Question: If oncogenes are of very great age (Shilo and Weinberg estimate that they originated 800 million years ago) and if evolutionary theory predicts the elimination of genes capable of killing juveniles how does one account for the fact that oncogenes manage to kill modern juveniles?
Answer: The theory of evolution needs a radical revision.
Oncogenes are mutated forms of genes necessary for cellular functions. For example, many genes regulate the cell cycle -- mutations in those regulatory genes lead to runaway lineages of cells that ignore the biochemical signals that usually prevent further cullular division.

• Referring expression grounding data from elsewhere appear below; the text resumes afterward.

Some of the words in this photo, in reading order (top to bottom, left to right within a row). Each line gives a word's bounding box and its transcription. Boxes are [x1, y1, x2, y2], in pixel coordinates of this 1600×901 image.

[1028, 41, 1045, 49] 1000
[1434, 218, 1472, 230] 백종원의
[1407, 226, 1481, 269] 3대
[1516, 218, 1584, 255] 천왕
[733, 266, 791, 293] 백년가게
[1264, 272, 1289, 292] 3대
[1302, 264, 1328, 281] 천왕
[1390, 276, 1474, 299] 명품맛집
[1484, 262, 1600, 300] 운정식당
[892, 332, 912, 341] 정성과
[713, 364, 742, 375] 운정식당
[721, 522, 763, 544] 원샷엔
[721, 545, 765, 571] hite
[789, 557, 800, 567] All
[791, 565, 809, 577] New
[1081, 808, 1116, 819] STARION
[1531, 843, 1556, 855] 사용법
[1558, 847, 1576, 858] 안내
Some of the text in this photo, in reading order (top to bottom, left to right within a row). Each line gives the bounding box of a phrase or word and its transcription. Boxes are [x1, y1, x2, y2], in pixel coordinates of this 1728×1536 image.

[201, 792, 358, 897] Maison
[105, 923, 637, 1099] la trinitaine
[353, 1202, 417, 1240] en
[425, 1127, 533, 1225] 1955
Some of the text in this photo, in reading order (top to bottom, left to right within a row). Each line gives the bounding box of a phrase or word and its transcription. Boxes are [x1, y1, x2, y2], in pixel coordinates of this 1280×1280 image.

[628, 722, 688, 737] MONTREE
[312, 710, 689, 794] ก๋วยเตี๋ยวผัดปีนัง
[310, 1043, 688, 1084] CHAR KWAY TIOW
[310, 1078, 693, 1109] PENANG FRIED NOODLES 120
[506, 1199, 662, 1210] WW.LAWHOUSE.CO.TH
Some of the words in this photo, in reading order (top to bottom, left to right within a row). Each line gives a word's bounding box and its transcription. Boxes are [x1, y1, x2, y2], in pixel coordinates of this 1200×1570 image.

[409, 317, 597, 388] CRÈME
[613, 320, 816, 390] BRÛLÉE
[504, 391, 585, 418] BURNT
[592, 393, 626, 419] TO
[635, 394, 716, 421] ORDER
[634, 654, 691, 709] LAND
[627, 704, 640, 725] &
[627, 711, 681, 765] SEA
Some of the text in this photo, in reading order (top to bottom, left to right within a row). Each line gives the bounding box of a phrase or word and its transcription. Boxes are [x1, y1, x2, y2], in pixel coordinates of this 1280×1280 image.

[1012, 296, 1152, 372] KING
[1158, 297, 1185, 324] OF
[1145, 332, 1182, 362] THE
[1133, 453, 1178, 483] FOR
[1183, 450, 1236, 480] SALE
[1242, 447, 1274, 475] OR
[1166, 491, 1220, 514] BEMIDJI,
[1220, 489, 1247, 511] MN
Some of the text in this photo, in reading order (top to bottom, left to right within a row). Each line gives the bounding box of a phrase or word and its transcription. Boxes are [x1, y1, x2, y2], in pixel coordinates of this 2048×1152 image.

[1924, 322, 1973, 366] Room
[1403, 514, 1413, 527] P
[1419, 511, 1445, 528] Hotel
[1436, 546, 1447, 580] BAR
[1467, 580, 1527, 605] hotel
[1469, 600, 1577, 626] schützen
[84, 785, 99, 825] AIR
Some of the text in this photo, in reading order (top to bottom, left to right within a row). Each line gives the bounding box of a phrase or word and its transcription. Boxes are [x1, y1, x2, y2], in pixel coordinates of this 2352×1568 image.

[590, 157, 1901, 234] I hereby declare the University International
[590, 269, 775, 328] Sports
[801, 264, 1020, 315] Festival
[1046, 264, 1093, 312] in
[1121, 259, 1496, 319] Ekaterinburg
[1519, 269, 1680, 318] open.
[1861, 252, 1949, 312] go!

I know that genes that cause cancer also perform beneficial functions.
Let me rephrase: Why hasn't natural selection eliminated the ability of oncogenes to kill juveniles?
My suggested revision of evolutionary theory fixes the problem. It proposes evolutionary change itself led to increases in lethal juvenile cancer. As noted by Crespi and Summers in "Positive Selection in the Evolution of Cancer" (cited in Carl Zimmer's SciAm article):
"As first described by Graham (1992) in his book Cancer
Selection, strong selection ... can also lead to increased cancer risk as a pleiotropic byproduct, although here the effects are expected to be less pronounced. For example, artificial selection for large size has led to greatly-increased cancer rates in some breeds of dogs (Graham, 1992; Leroi et al., 2003), and pediatric cancers of humans appear to be concentrated in two tissues, brain and bone, that have undergone rapid phenotypic changes in their developmental trajectories along the human lineage (Graham, 1992; Leroi,Koufopanou & Burt, 2003). In these cases, rapid evolution drives the genotype away from the optimum, increasing the risk of cancer as a result (Galis & Metz, 2003; Leroi et al., 2003). Such cases may typically be transitory, disappearing once the species or population has adapted to the changes, or they may lead to positive-feedback cycles of oncogene evolution, leading to improved tumour suppression, greater developmental precision and complexity, and further adaptive changes driving pleiotropic oncogene evolution (Graham, 1992)."
That lethal juvenile cancer led to "greater developmental precision and complexity" is another essential part of my theory.
Although my book is cited in two of the papers Zimmer cites in his article he doesn't mention it ... or me.